Nearly an hour and a half earlier, the Gems had wrapped up the Prospect League championship by defeating the West Virginia Miners 5-0.
Now, there was no hurry to leave the field. It's easy to linger in the moment of being a champion.
"There's nothing better than winning," Gems third baseman Bryan Lippincott had said moments earlier.
This group had the feel of a championship team from the start of the season, when they won 14 of their first 15 games. From there, they really never let up.
"No doubt, one of the best teams I've ever been a part of," said Josh Janway, who entered in relief of starting pitcher Taylor Robson in the eighth inning Wednesday and finished the shutout.
For many of the players, this wasn't the first time they'd experienced the thrill of being a champion. Several have won state titles in various high school sports or been a part of conference champion teams in college.
Still, that didn't cheapen the moment Wednesday night.
"In three years I haven't been able to dogpile, but this takes me back to memories of being a champion," said Janway, who won state football and baseball titles his senior year at Parkview Baptist School in Baton Rouge, La. "It really does feel good. It never gets old, the dogpile never gets old."
For others, such as second baseman John Pace, the Gems provided the avenue to winning their first championship of any sort.
Pace had a rough top of the eighth Wednesday, when he committed two errors, but he more than made up for that with his three-run double in the bottom half of the inning that essentially put the game away.
Like so many others on this team, Pace recognized back in June what this group was capable of achieving.
"Me and Coach Martin came to the back of the bus after a game, and we were talking about this day, and I was like, ‘I've never been a part of it.
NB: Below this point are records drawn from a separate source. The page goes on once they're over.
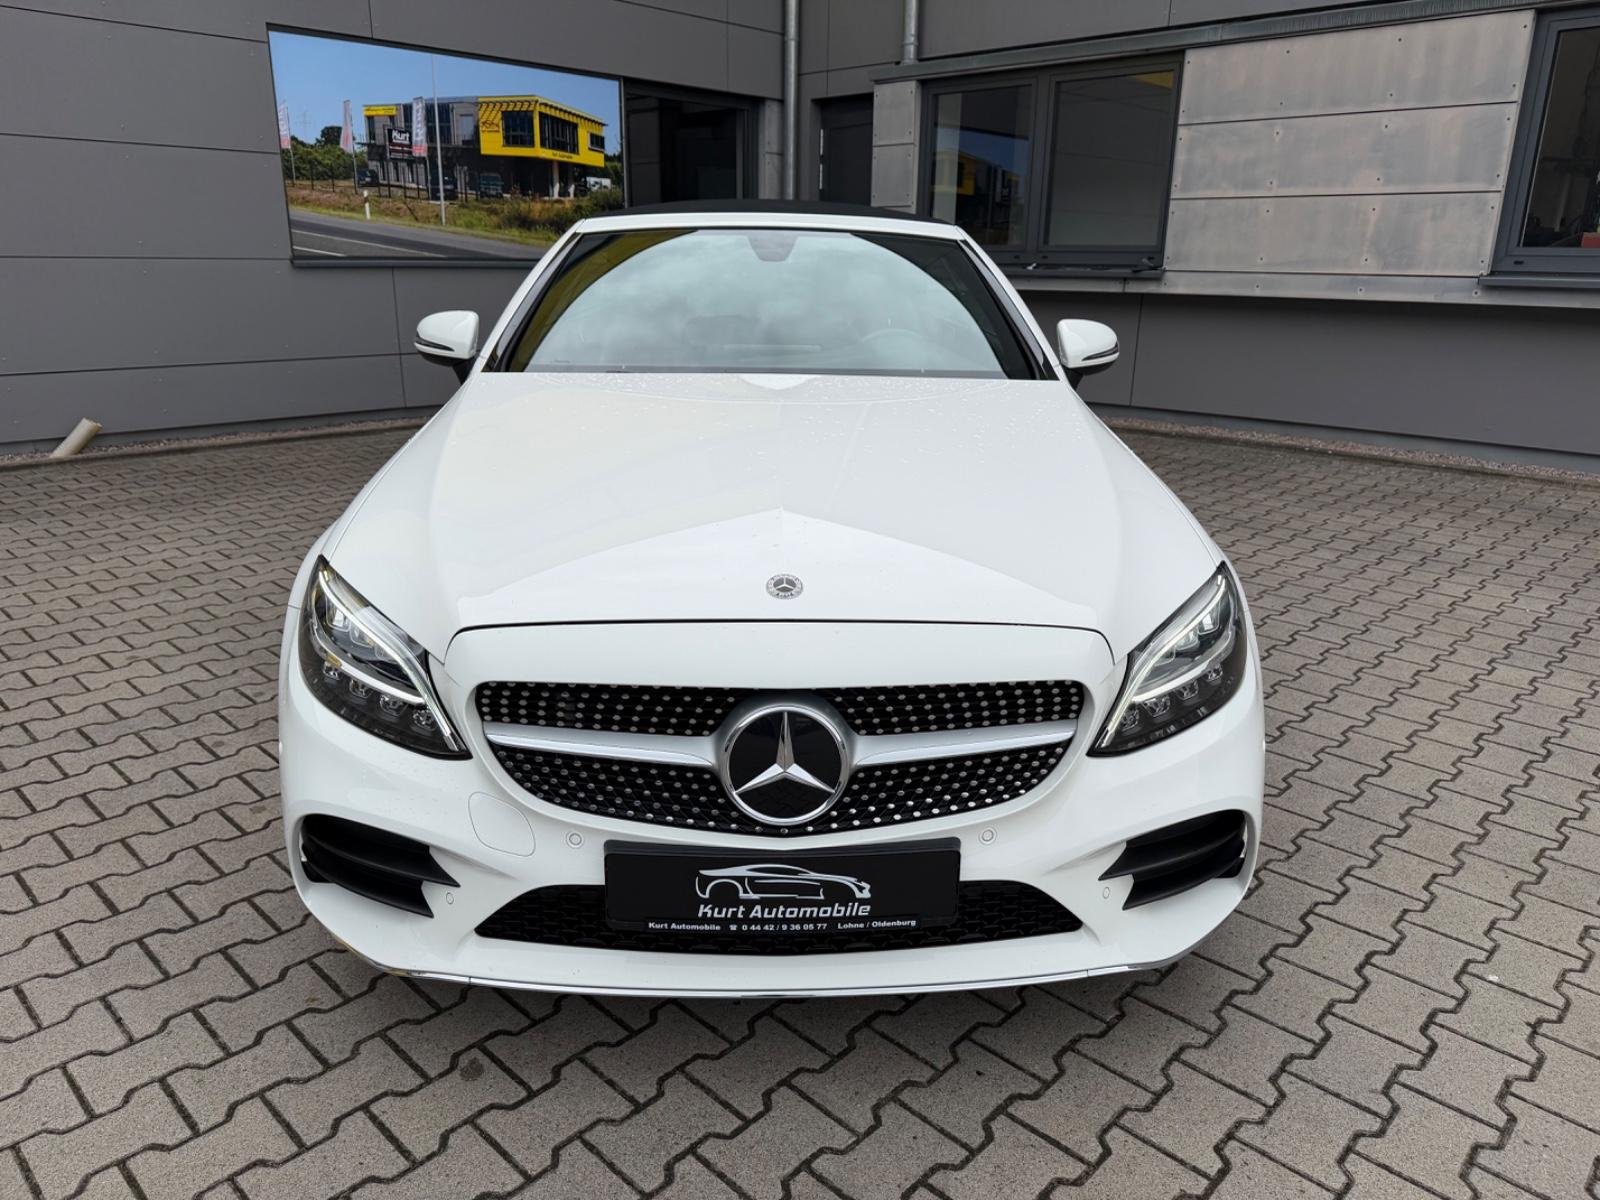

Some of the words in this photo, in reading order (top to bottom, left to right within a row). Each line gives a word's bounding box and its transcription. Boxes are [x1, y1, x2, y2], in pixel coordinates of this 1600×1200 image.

[698, 904, 745, 918] Kurt
[749, 902, 871, 918] Automobile
[670, 923, 721, 931] Automobile
[837, 922, 865, 930] Lohne
[871, 919, 917, 928] Oldenburg
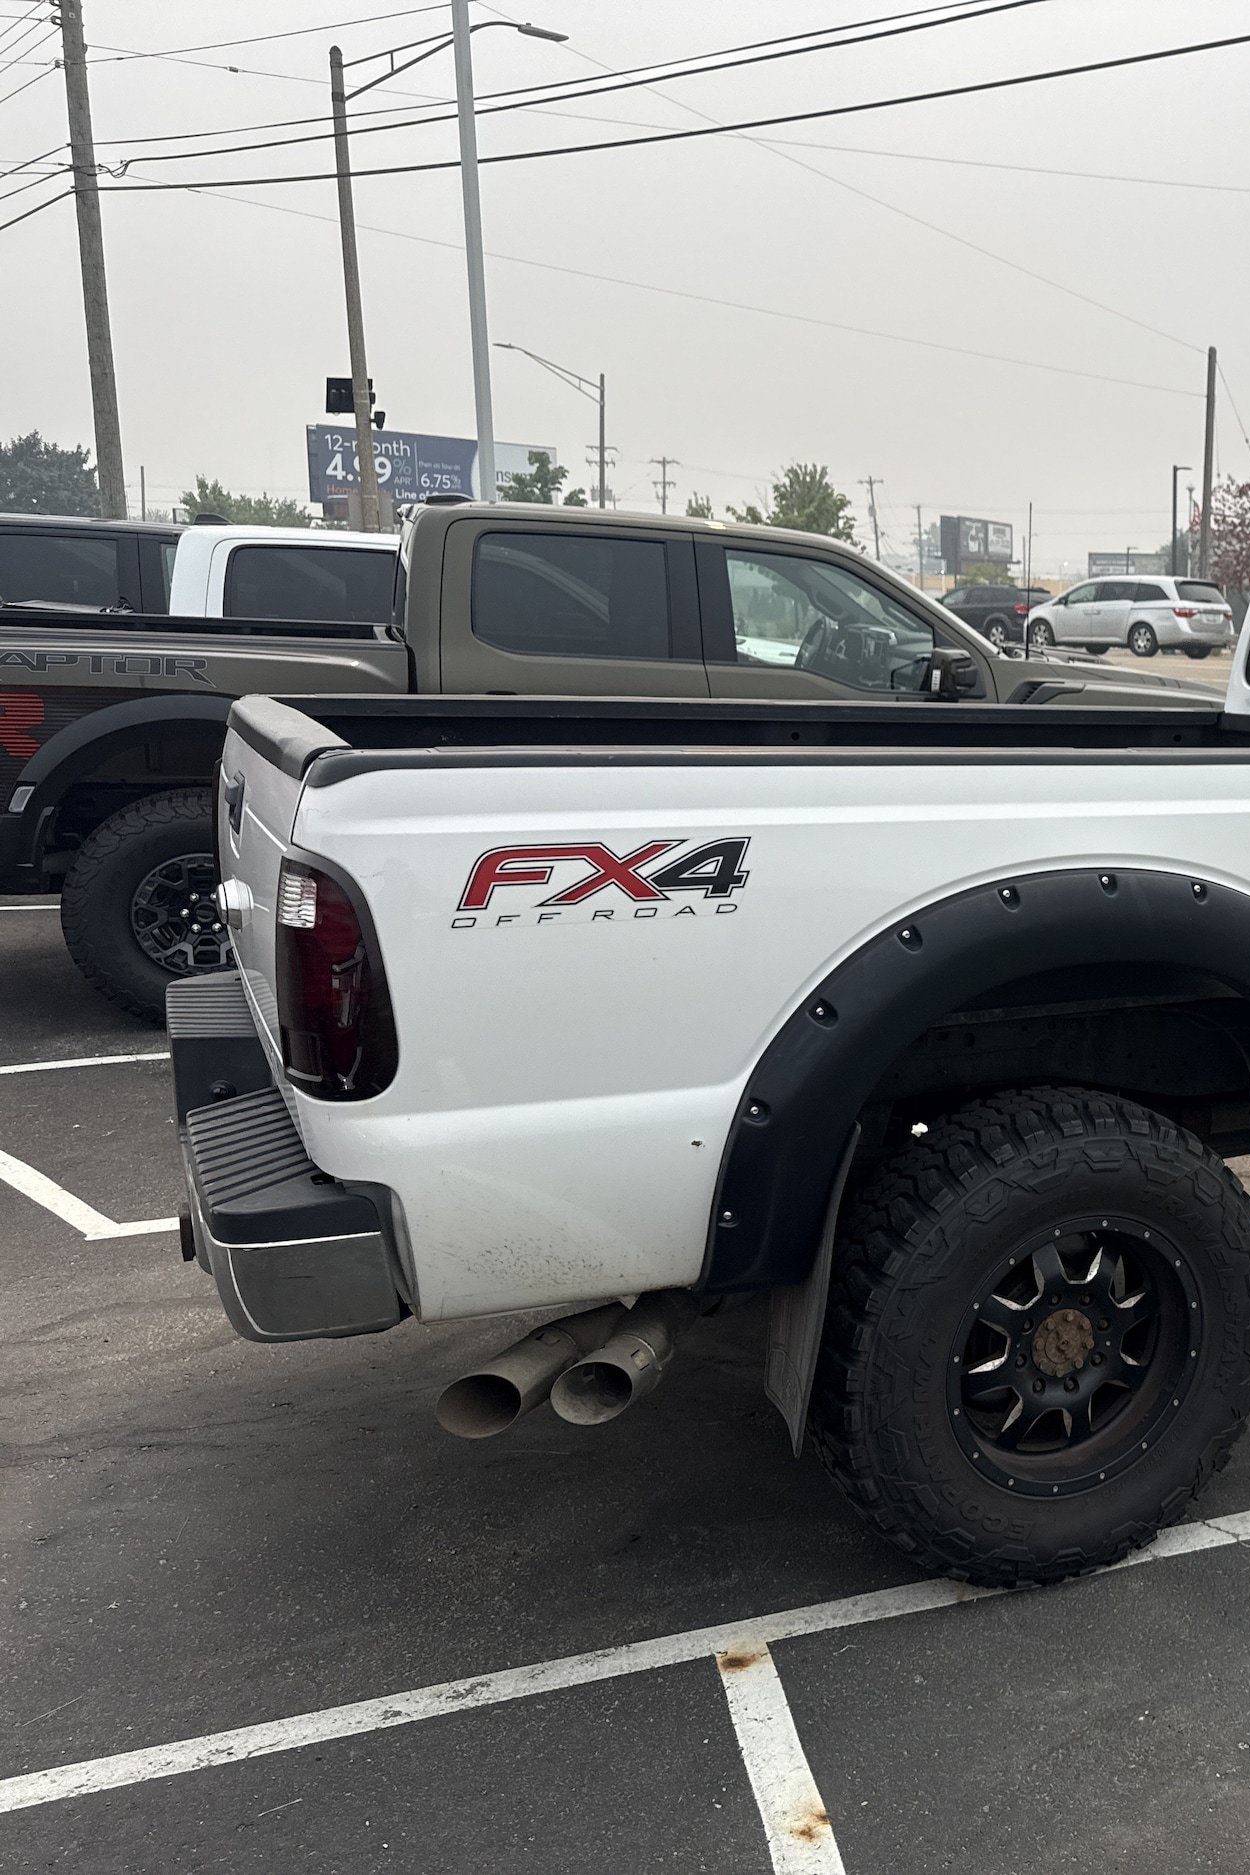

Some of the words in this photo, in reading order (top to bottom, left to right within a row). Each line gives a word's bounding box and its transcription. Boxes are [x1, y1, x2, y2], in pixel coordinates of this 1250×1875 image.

[396, 488, 417, 499] Line
[0, 652, 217, 688] APTOR
[456, 836, 751, 911] FX4
[451, 912, 561, 929] OFF
[592, 903, 738, 921] ROAD
I've been on a lot of teams but never been a part of it,'" Pace said. "It feels unbelievable. You work so hard, and then when see it pay off, it's all worth it."
An old baseball adage says it takes good pitching and defense to win a championship, but the Gems did it their own way. That was with an offense that made them feel as if they were never out of a game.
Including the postseason, the Gems had a 14-12 record in games they didn't score first, making them the league's only team with a winning record in such games.
"We just had that confidence, that no matter what the score is, no matter where we're at in the game, we just have to get the bats going and get it done," Pace said.
Quincy's offense led the league in batting average, runs scored and home runs. It featured left-handed sluggers Chris Serritella and Lippincott, who combined to tally 27 home runs.
The duo made it a habit to blast mammoth home runs well beyond the right-field wall and onto the Quincy University football field.
"Those two together were absolutely special, possibly one of the best 3-4 combinations that this league has seen, maybe ever," Quincy manager Chris Martin said.
In an ironic twist, the Gems' offense was relatively quiet in the championship game.
All the while, Robson posted zero after zero and helped Quincy maintain a 1-0 lead until the offense finally arrived with a four-run eighth inning.
Robson provided a little vindication for a pitching staff that struggled at times this season.
"It's just nice to see it all come together," Martin said.
That's part of what being a champion is all about.